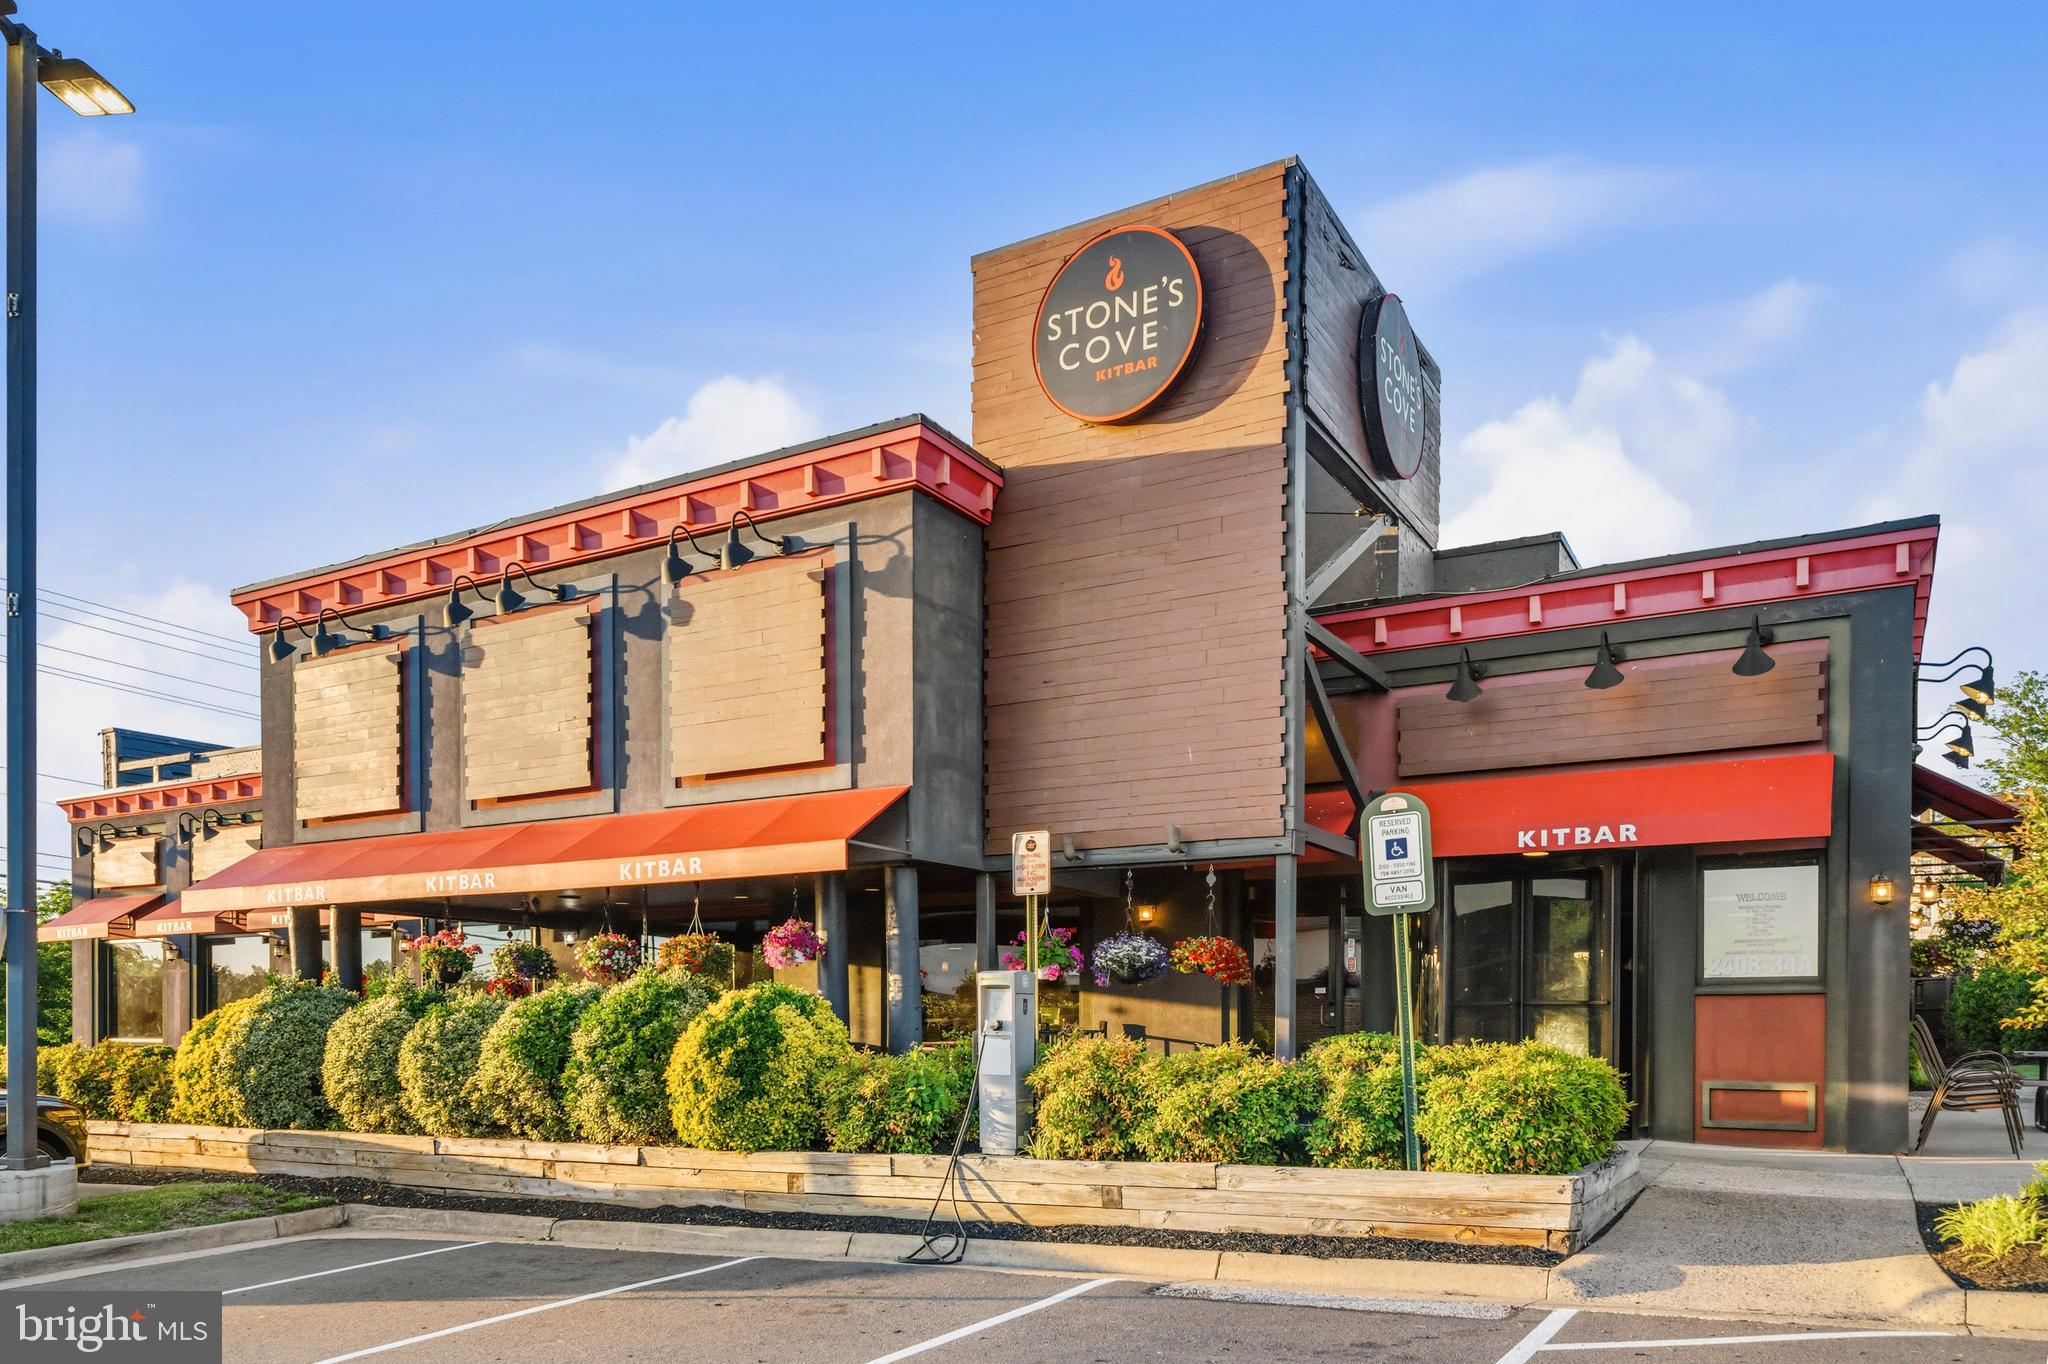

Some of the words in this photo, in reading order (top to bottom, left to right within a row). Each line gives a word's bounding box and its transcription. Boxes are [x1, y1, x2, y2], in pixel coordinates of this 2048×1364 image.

[1047, 276, 1184, 341] STONE'S
[1059, 320, 1159, 371] COVE
[1095, 356, 1159, 382] KITBAR
[1380, 336, 1422, 411] STONE'S
[1384, 376, 1416, 433] COVE
[1378, 817, 1412, 828] RESERVED
[1381, 826, 1410, 837] PARKING
[1518, 823, 1639, 848] KITBAR
[619, 856, 703, 881] KITBAR
[425, 872, 496, 893] KITBAR
[1390, 885, 1408, 893] VAN
[266, 885, 325, 904] KITBAR
[1736, 892, 1787, 902] WELCOME
[156, 920, 193, 933] KITBAR
[271, 913, 291, 926] KIT
[56, 927, 88, 938] KITBAR
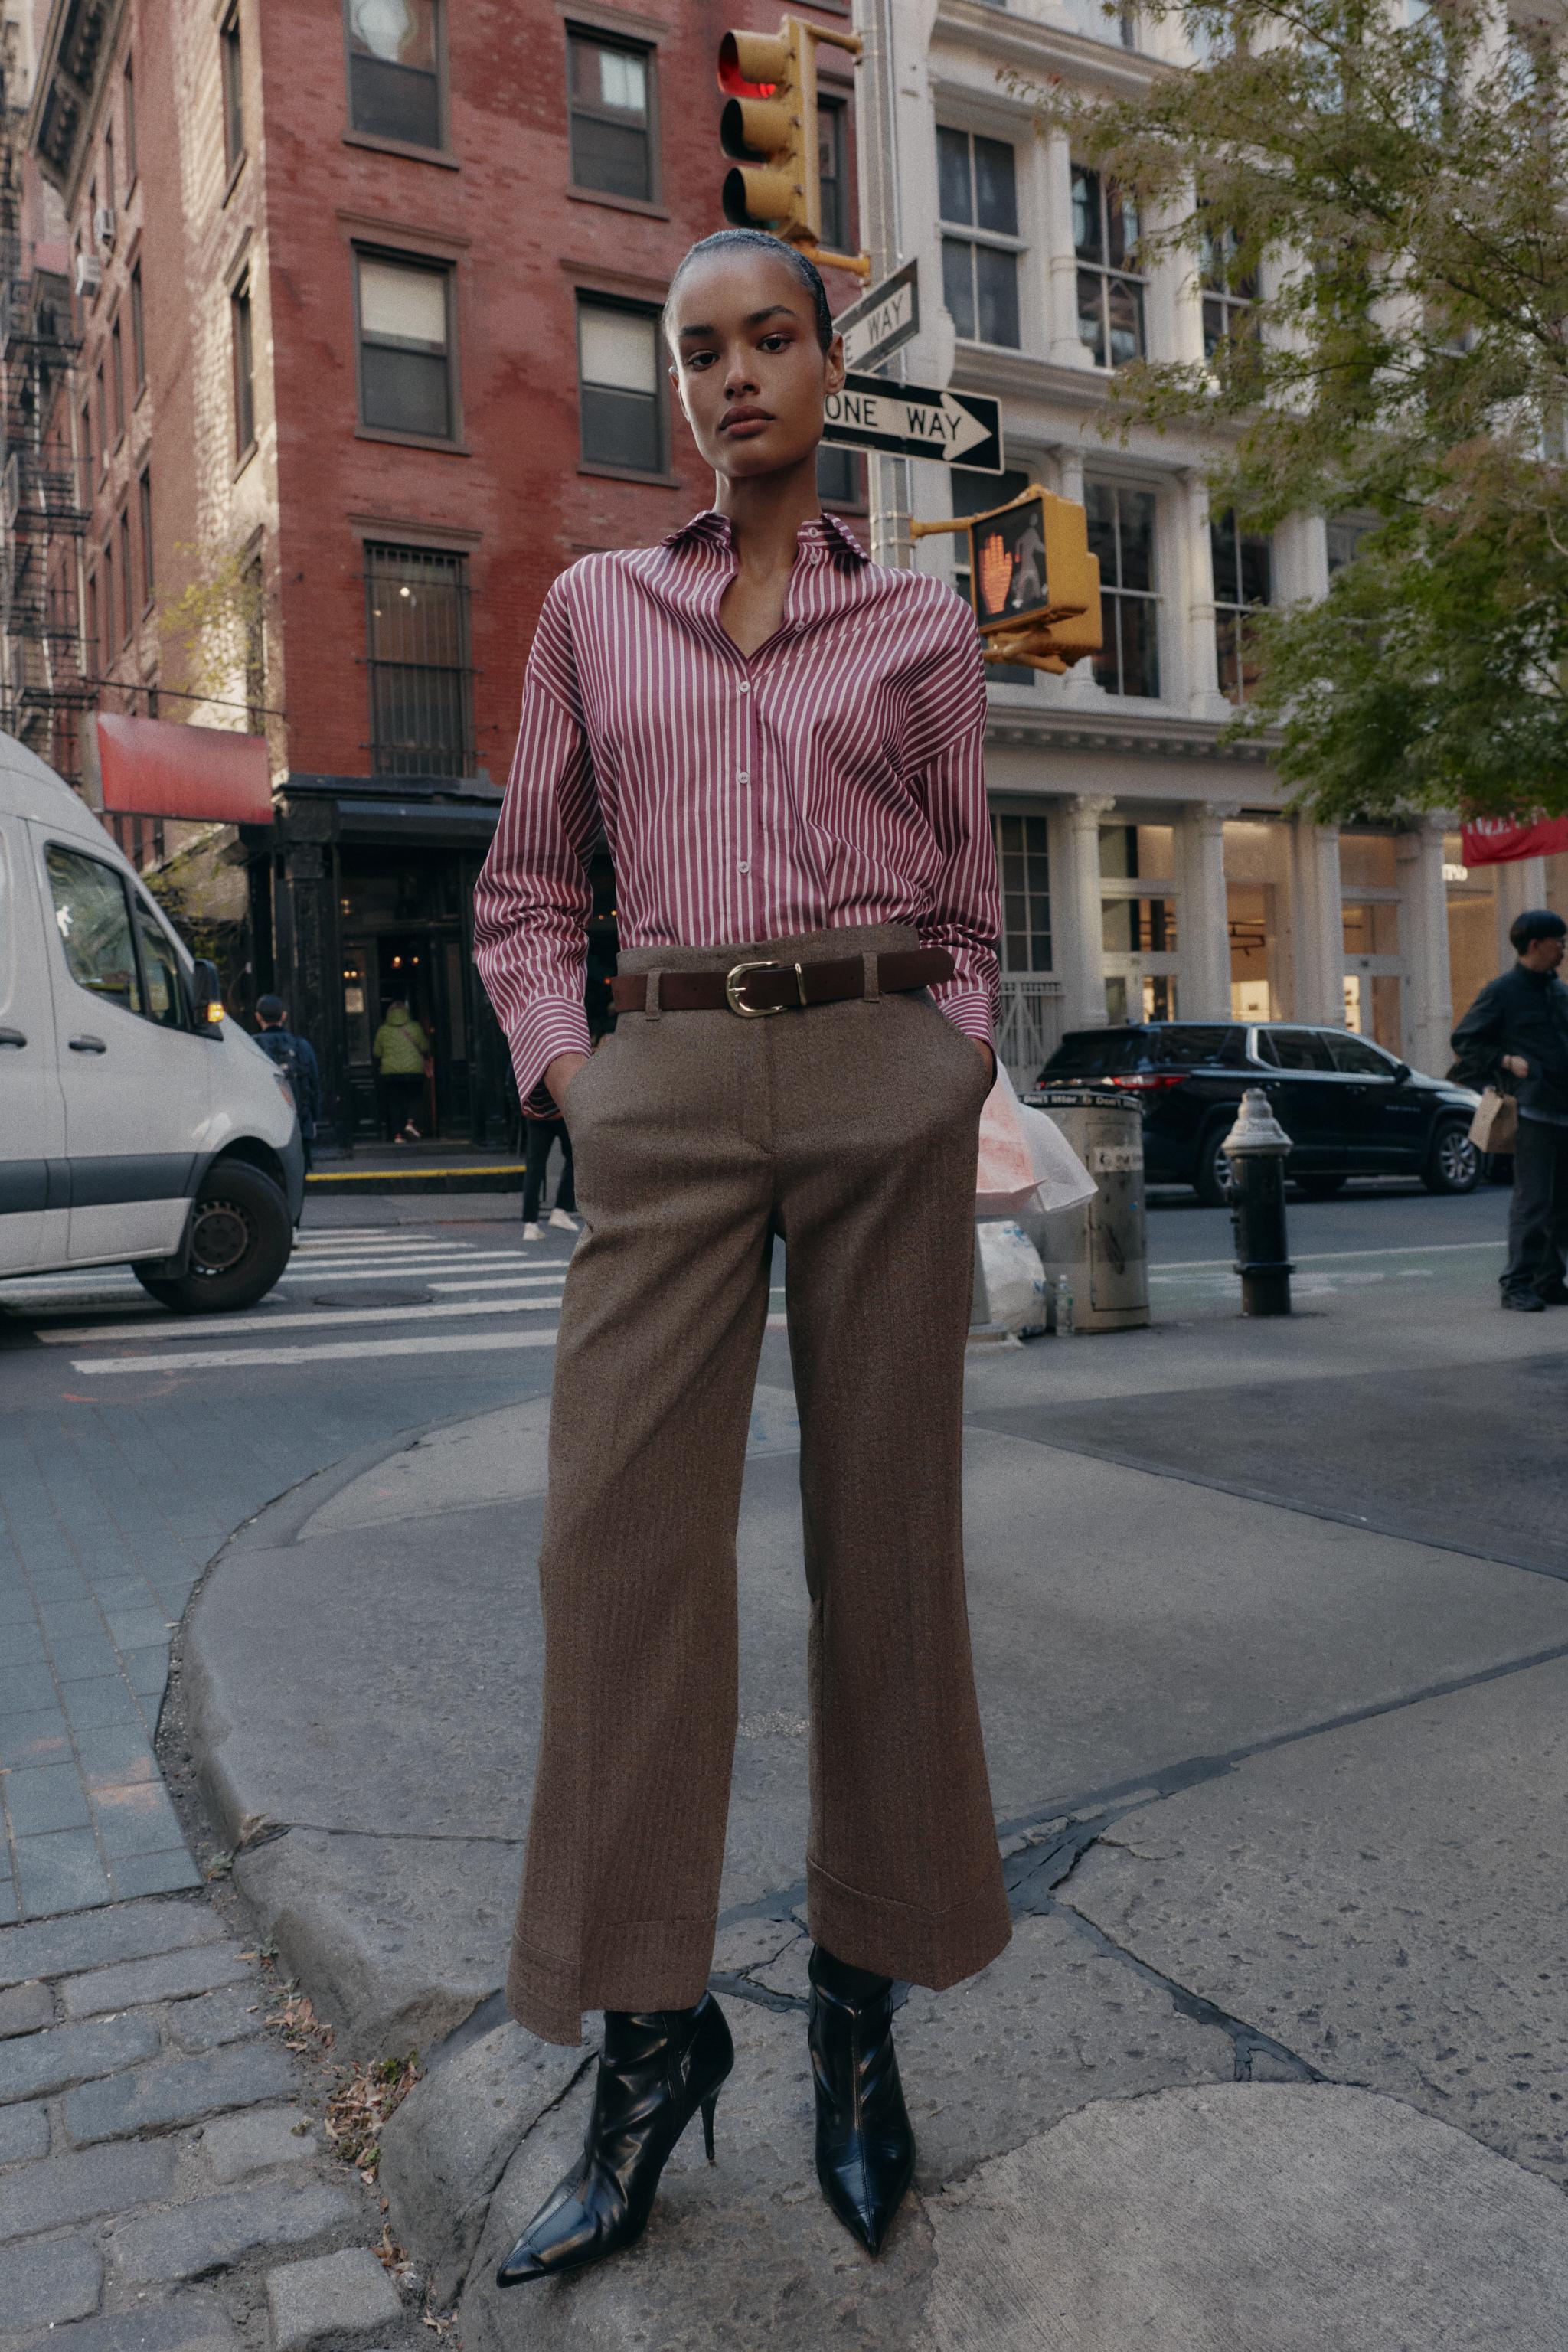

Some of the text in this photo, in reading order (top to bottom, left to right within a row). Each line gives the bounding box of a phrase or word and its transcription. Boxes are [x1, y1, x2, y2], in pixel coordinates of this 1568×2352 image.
════════════════════
Make an exact copy of the listing above, omitting the pictures.

> _Exercise answer_:
Some of the words in this photo, in reading order (top to bottom, left to right within a row). Each line gives a word's bounding box and its transcription. Boxes are [x1, y1, x2, y2], in pixel coordinates of this 2048×1364 image.

[1047, 276, 1184, 341] STONE'S
[1059, 320, 1159, 371] COVE
[1095, 356, 1159, 382] KITBAR
[1380, 336, 1422, 411] STONE'S
[1384, 376, 1416, 433] COVE
[1378, 817, 1412, 828] RESERVED
[1381, 826, 1410, 837] PARKING
[1518, 823, 1639, 848] KITBAR
[619, 856, 703, 881] KITBAR
[425, 872, 496, 893] KITBAR
[1390, 885, 1408, 893] VAN
[266, 885, 325, 904] KITBAR
[1736, 892, 1787, 902] WELCOME
[156, 920, 193, 933] KITBAR
[271, 913, 291, 926] KIT
[56, 927, 88, 938] KITBAR

Some of the text in this photo, in reading order (top to bottom, left to right within a row). Each line gives the bounding box of a phrase or word and its transcription. Boxes are [x1, y1, x2, y2], in pixel coordinates of this 1568×2352 image.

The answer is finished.